Exactly reproduce each entry, leaving out nothing.

━━ Input

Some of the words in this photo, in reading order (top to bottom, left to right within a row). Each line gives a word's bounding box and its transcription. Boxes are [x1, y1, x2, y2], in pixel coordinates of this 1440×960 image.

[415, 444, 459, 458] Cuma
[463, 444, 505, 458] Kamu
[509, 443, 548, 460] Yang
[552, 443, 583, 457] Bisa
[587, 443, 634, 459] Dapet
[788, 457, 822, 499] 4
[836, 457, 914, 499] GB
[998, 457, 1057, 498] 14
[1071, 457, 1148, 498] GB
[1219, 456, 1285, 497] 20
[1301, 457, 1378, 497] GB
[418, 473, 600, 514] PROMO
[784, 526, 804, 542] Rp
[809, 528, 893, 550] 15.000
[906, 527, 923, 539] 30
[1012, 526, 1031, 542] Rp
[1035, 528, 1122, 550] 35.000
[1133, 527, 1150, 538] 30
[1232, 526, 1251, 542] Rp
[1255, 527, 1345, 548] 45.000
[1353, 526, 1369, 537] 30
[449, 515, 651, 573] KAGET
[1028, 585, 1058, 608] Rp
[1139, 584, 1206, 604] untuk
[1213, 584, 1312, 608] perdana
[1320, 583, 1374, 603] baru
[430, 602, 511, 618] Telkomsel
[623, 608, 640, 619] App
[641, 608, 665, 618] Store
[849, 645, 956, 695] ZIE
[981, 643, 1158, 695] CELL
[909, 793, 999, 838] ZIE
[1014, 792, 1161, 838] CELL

━━━━

**Solution below**.
Some of the words in this photo, in reading order (top to bottom, left to right within a row). Each line gives a word's bounding box and its transcription. Boxes are [x1, y1, x2, y2], in pixel coordinates of this 1440×960 image.

[415, 444, 459, 458] Cuma
[463, 444, 505, 458] Kamu
[509, 443, 548, 460] Yang
[552, 443, 583, 457] Bisa
[587, 443, 634, 459] Dapet
[788, 457, 822, 499] 4
[836, 457, 914, 499] GB
[998, 457, 1057, 498] 14
[1071, 457, 1148, 498] GB
[1219, 456, 1285, 497] 20
[1301, 457, 1378, 497] GB
[418, 473, 600, 514] PROMO
[784, 526, 804, 542] Rp
[809, 528, 893, 550] 15.000
[906, 527, 923, 539] 30
[1012, 526, 1031, 542] Rp
[1035, 528, 1122, 550] 35.000
[1133, 527, 1150, 538] 30
[1232, 526, 1251, 542] Rp
[1255, 527, 1345, 548] 45.000
[1353, 526, 1369, 537] 30
[449, 515, 651, 573] KAGET
[1028, 585, 1058, 608] Rp
[1139, 584, 1206, 604] untuk
[1213, 584, 1312, 608] perdana
[1320, 583, 1374, 603] baru
[430, 602, 511, 618] Telkomsel
[623, 608, 640, 619] App
[641, 608, 665, 618] Store
[849, 645, 956, 695] ZIE
[981, 643, 1158, 695] CELL
[909, 793, 999, 838] ZIE
[1014, 792, 1161, 838] CELL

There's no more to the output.